How long did it take you to move on from your last relationship?


  1. Moving on is hard – one thing that helped me way back when was learning family systems and why we choose who we choose. Just a thought, I hope your healing and grieving process continues to go well

    Liked by 1 person

  2. Yes, moving on is hard. It sure comes with a challenge, but so many beautiful lessons come along the way.
    I agree with the family systems.

    Liked by 1 person

  3. I wish a set time frame were accurate regarding losing someone. However, I have learned that it can vary depending on the person and given what we had to deal with in our childhood.

    Liked by 1 person

  4. It took a nasty breakup to understand that I was dealing with specific issues, that I had a stronger attachment style and so forth. Finally, I got fed up attracting the same pain over and over again. So I knew I needed to change and heal. What has helped you with heartbreak?

    Liked by 2 people

  5. It took me a few years to feel “healed” after my divorce, we were married for a little over 20 years and together for about 25 – god help me if it took half the time of the relationship to recover! I am in a much better place emotionally and mentally now for sure.

    I worked through it with LOTS of therapy that started while we were going through the divorce until just recently – about six years of therapy – and it helped to just have a place to dump it all, all of the sordid details and ugly emotions, without any judgement.

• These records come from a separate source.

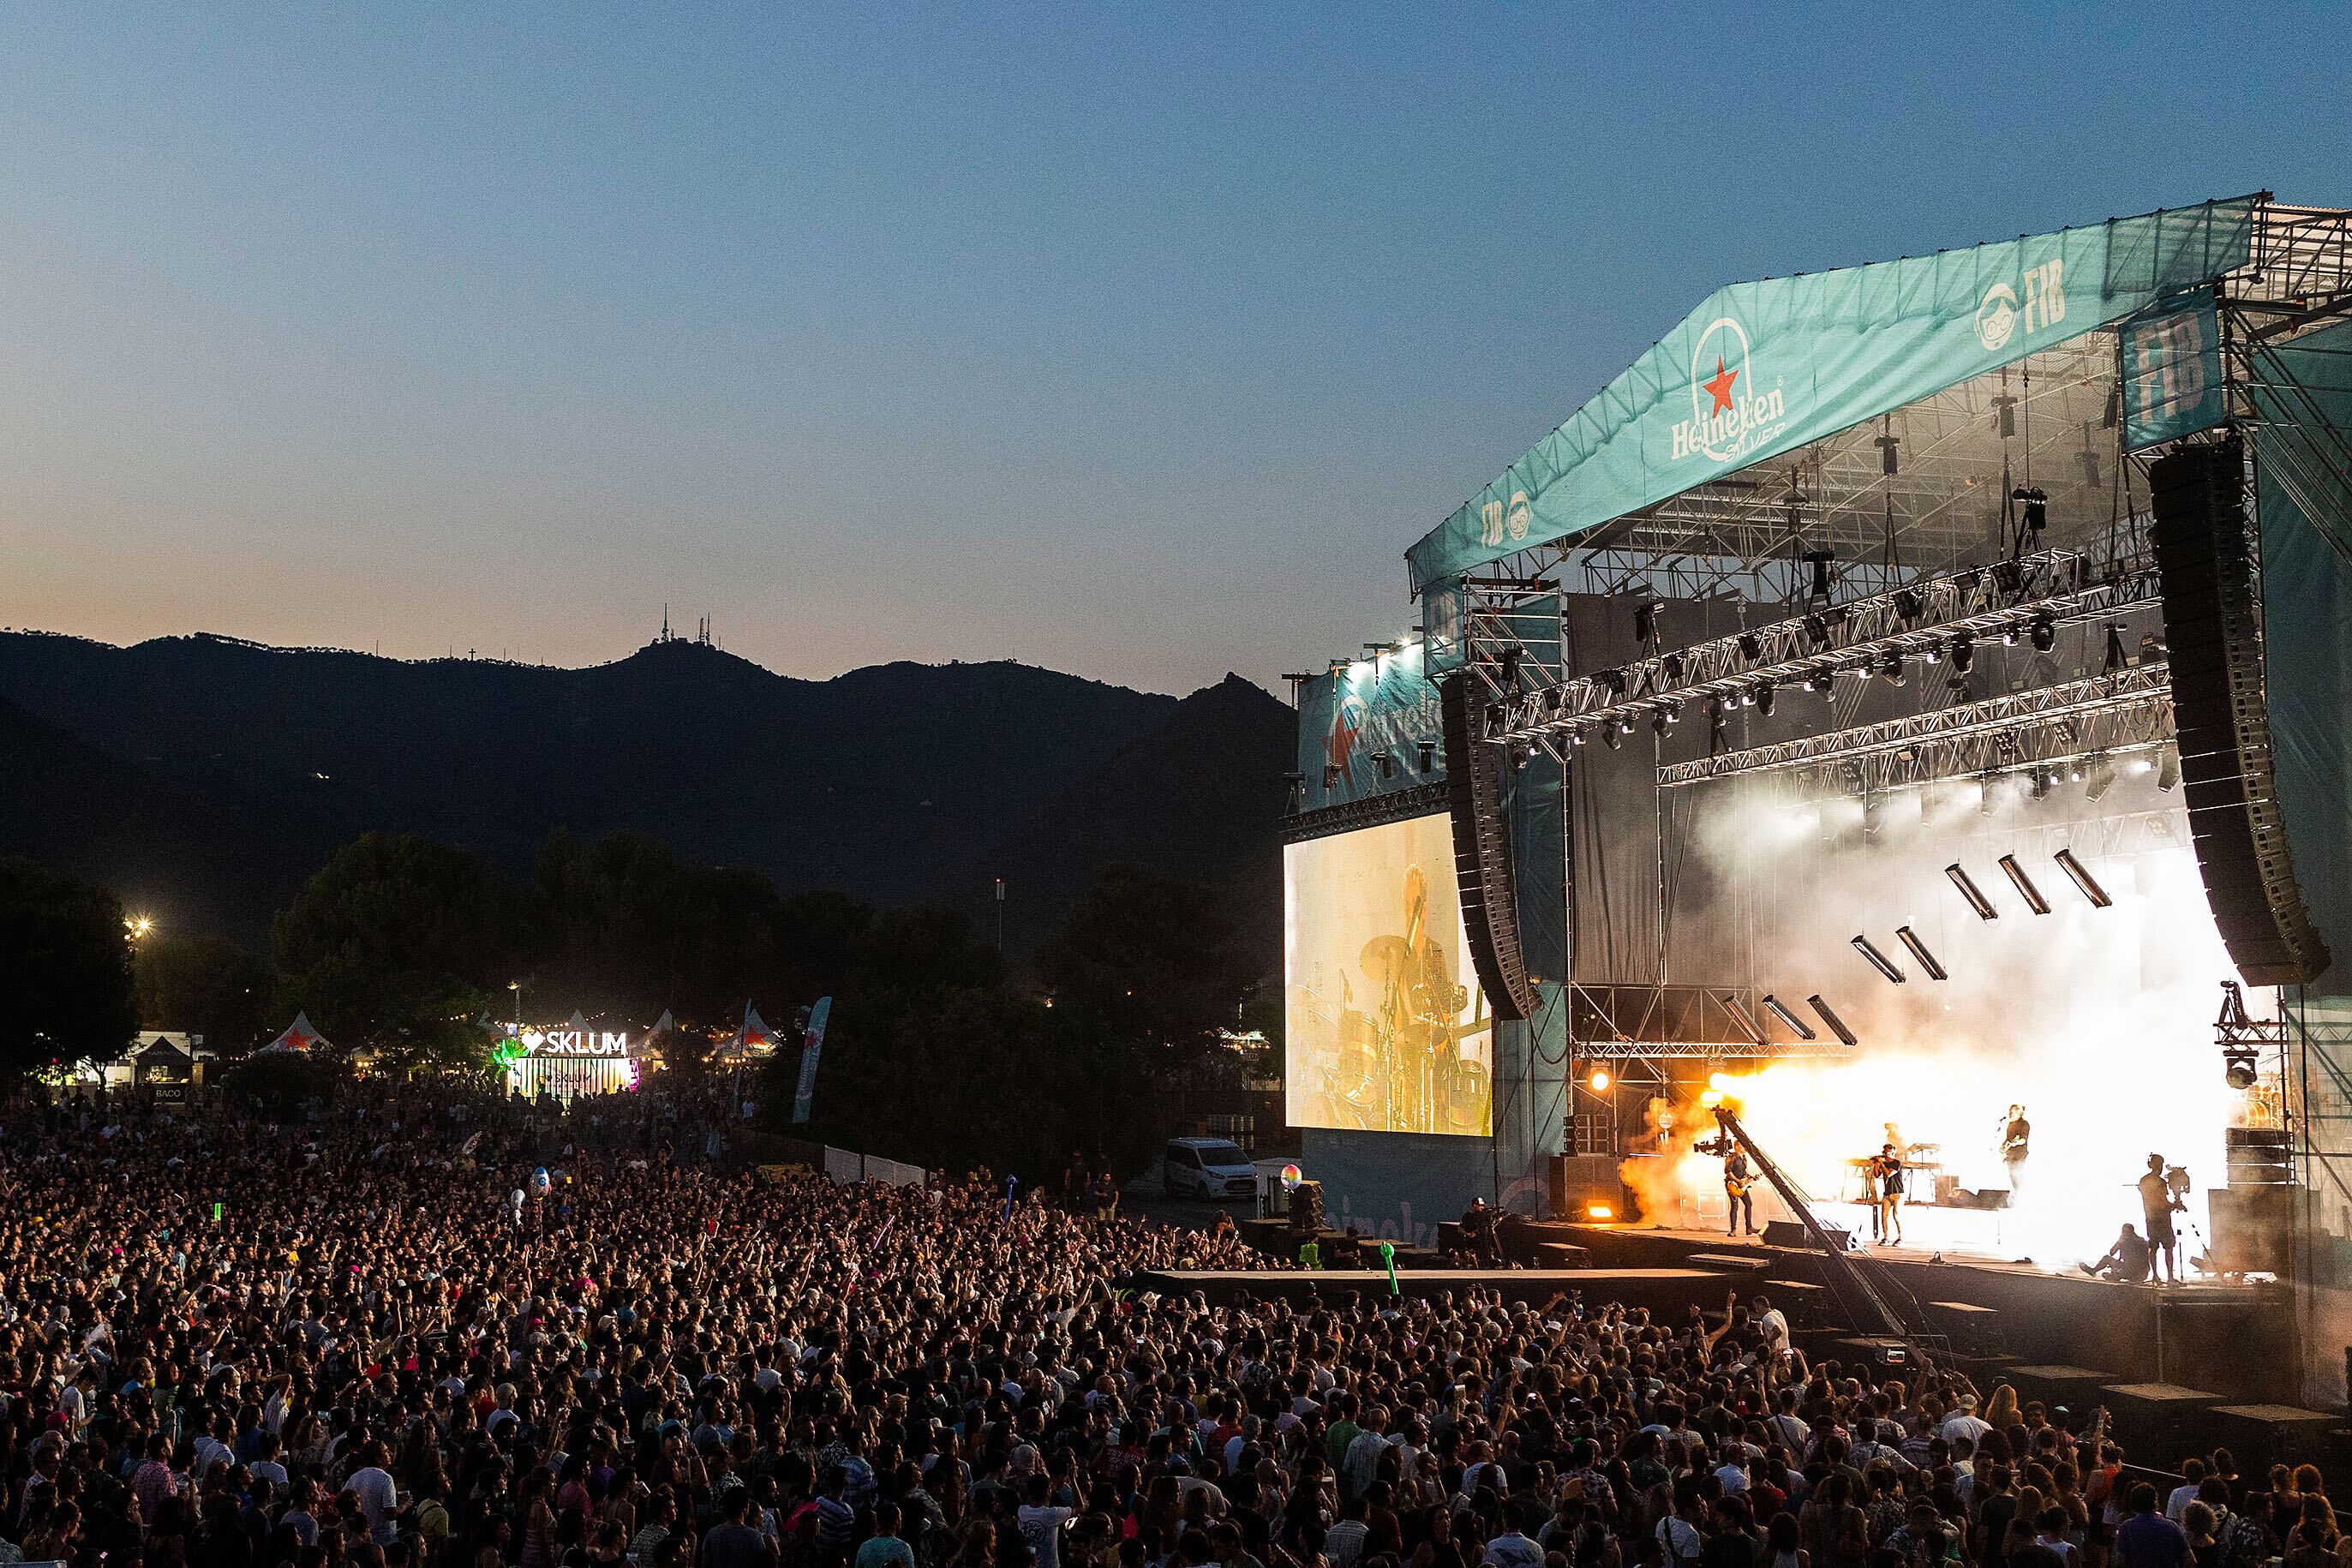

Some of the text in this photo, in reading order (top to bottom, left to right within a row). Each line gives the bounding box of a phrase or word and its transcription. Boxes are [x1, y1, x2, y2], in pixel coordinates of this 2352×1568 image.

[2023, 258, 2065, 335] FIB
[2135, 311, 2205, 426] FIB
[1671, 388, 1786, 461] Heineken
[1724, 422, 1786, 464] SILVER
[1481, 500, 1504, 549] FIB
[546, 1031, 627, 1056] SKLUM
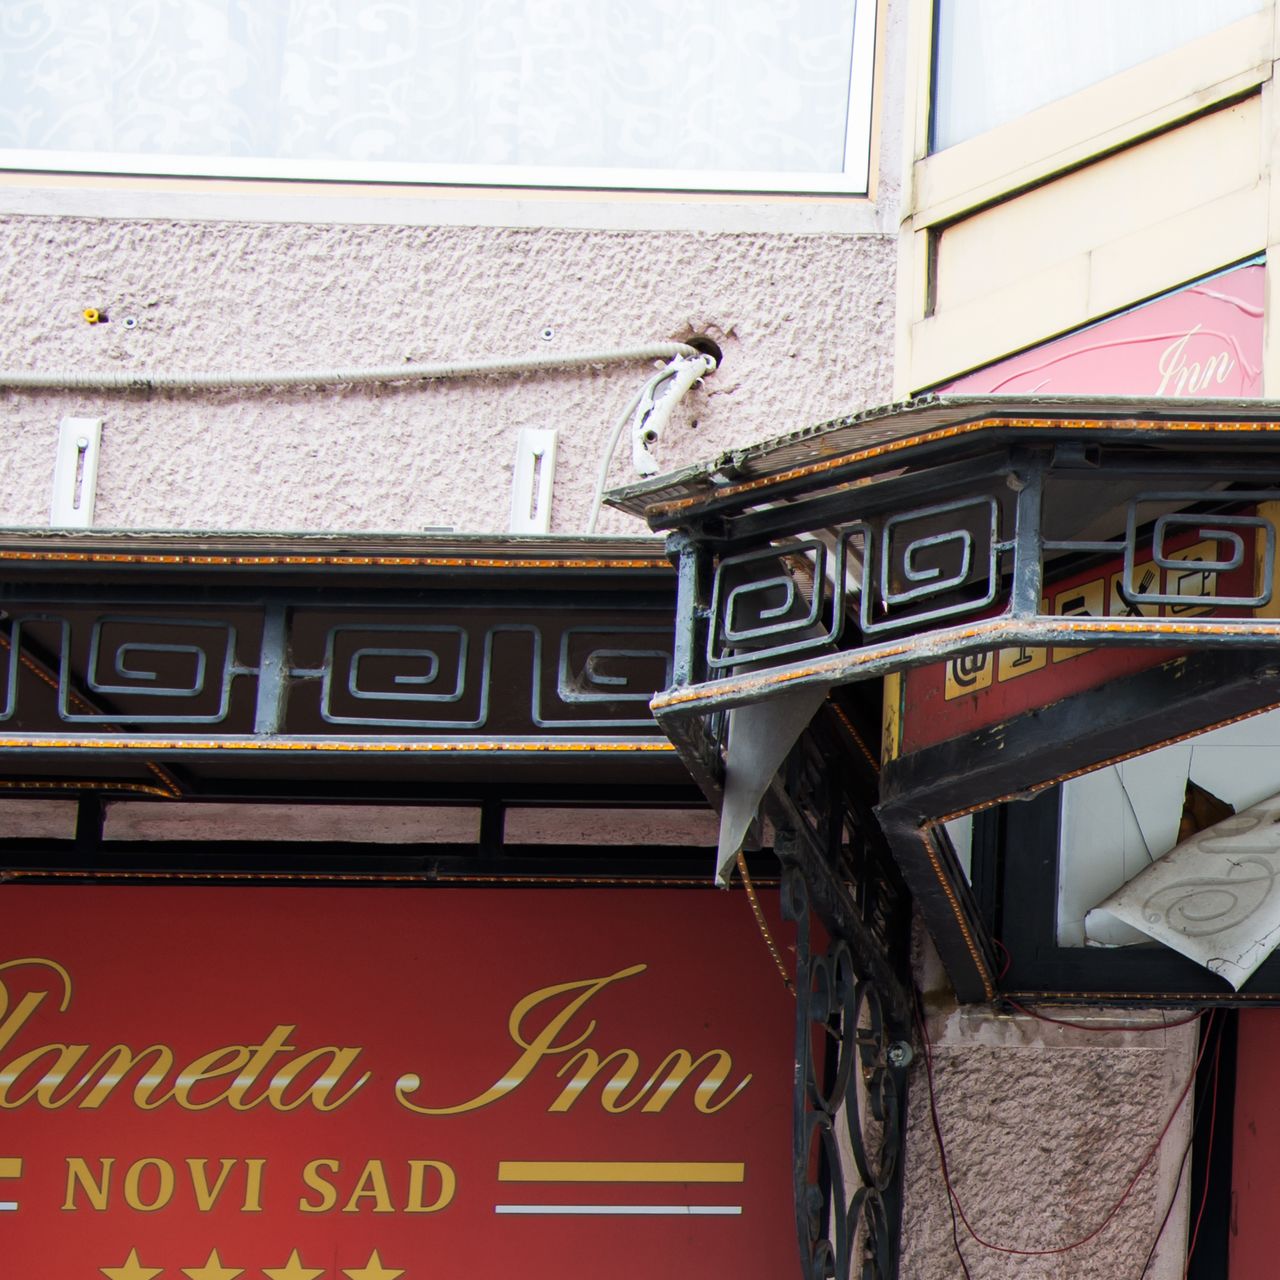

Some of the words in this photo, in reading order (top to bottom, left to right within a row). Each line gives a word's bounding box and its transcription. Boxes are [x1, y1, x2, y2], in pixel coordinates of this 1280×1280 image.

[394, 963, 754, 1115] Inn
[60, 1157, 268, 1213] NOVI
[298, 1158, 458, 1214] SAD

    I didn’t really date for close to three years, I tried for a hot minute the first year and it was disastrous. I just wasn’t ready. I followed the same path you’re talking about here, I allowed myself time to heal and be “ready”. It’s still challenging and I am still cautious, but I finally feel open to the possibility. You’ll get there in your own time. ((hugs))

    Liked by 1 person

  6. Thank you for your response, it does take time to heal from a breakup.
    Have you been dating recently? If yes how is that going ?

    I recently said I was open to the idea, but wow has the dating world changes from when I was in my twenties.